A pesar de tantas estaciones es la del ferrocarril la estación de mayor personalidad, no es ella la que pasa por los conquenses, como las climatológicas, sino que los conquenses pasan por ella, igual que los trenes, como Dios manda. ¿Alguien se acuerda del automotor? Yo sí me acuerdo, lo veía atravesar el Puente de Hierro camino de Madrid, llevándose en su mente metálica mis sueños aventureros de niño de provincias, ubicando a Madrid a una desorbitada cantidad de kilómetros, años luz de la Olmedilla, que era el lugar más lejano que había viajado hasta la fecha. Con el paso del tiempo el niño de provincias se convirtió en trotamundos global, que al olor de la carbonilla da un paso atrás en el reloj de las horas y vuelve una vez más a la estación del ferrocarril conquense y sus aledaños. A sólo unos metros del Paso a Nivel ,en cuyas traviesas tropezó la tía Martina una tarde aciaga, abriéndose la cabeza como si fuera una calabaza, poníamos los chavales monedas de diez céntimos de las antes, la añorada perra gorda, por la que en el carrillo del Pipas te daban una piruleta o un cacete de torraos .Al pasar el tren sobre las monedas sentíamos un placer inenarrable ,similar al de los comandos especiales de misiones imposibles , ni siquiera sabíamos de la existencia de un famoso escritor apellidado Delibes que en su novela “El Camino” utiliza el ferrocarril como marco de las aventuras infantiles.
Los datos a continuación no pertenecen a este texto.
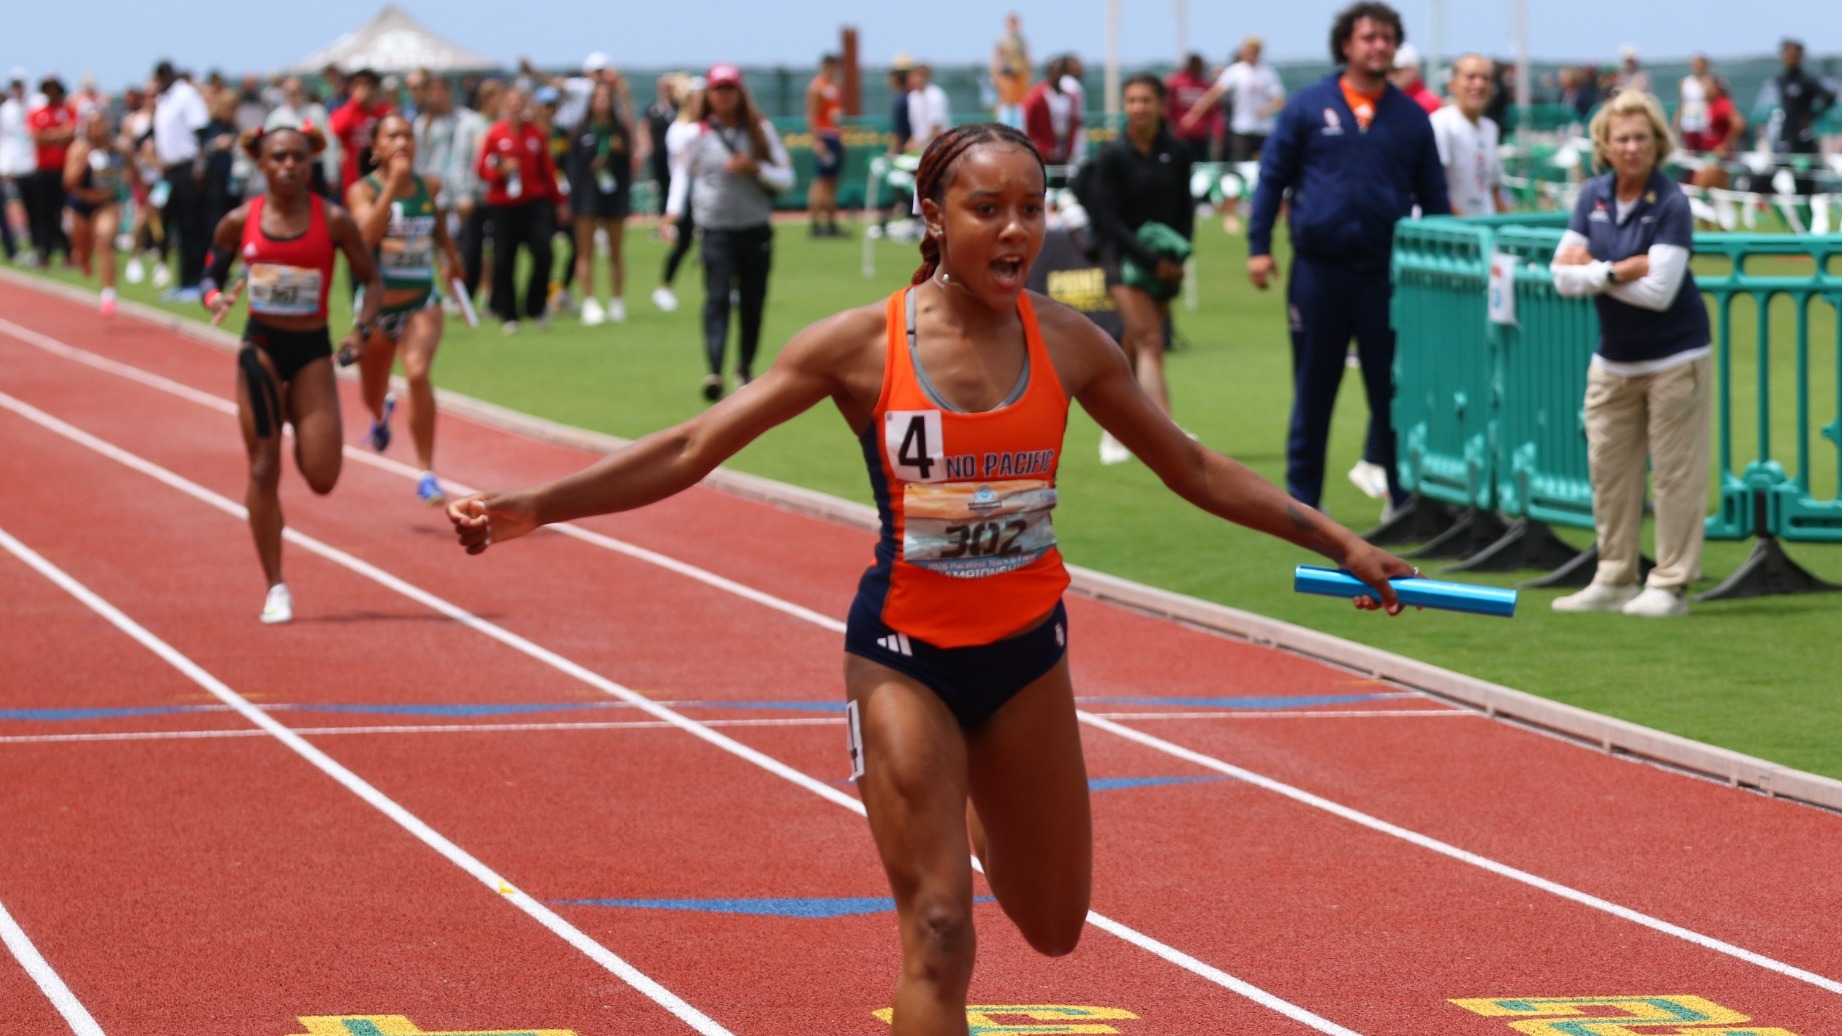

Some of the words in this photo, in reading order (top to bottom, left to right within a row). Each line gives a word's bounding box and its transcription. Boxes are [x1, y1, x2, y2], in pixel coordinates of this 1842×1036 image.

[898, 415, 934, 479] 4
[984, 450, 1054, 477] PACIFIC
[940, 519, 1027, 558] 302
También en los alrededores de la estación se hallaba al aire libre el mayor tesoro codiciado por todos los chavales de la época, los famosos costeros como llamábamos a las traviesas de madera, sustituidas en la actualidad por las de hormigón, mucho más frío y aséptico que las antiguas. Mangar un costero en la época de las hogueras del mes de mayo era el no va más de la honra infantil, poniendo al afortunado rapaz en lo más alto del escalafón de la pandilla .
Carbonilla es un personaje de la tradición navideña, encargado de decir a los Reyes qué niños merecen juguetes y cuáles no. Por eso, cada vez que un niño se portaba mal, los padres le advertían que en lugar de los Reyes le visitaría Carbonilla y que le traería carbón en lugar de juguetes. Sin embargo, la carbonilla buena es la que tragué una mañana de mayo del año 1970.Los mozos de este reemplazo estuvimos toda una eternidad literalmente tirados por el andén, esperando “el tren de la muerte” que nos llevaría a Madrid para servir a la Patria. Mozos de carga, material humano de desecho, carnaza joven para el voraz estómago del Estado. Aquella primera carbonilla dio lugar a otras muchas a lo largo de mi vida, Cuenca, Madrid, Burgos, Pontevedra, Valencia, Pamplona y un largo ecétera donde asomarte al exterior se convertía en un peligro de muerte ocular. Nada más doloroso que la incrustación de una leve carbonilla en el ojo. Al pasar por el puente sobre el ferrocarril, en la avenida de Castilla la Mancha y camino de las Doscientas, siempre tengo un grato recuerdo para el antiguo cine de verano “Alegría”,pared con las tapias del tren que nos amenizaba con sus largos pitidos la llegada a Cuenca, interrumpiendo la sesión de cine, cosa que a nadie le molestaba, total… por una peseta y veinticinco céntimos la entrada, no es para ponerse a discutir, digo yo.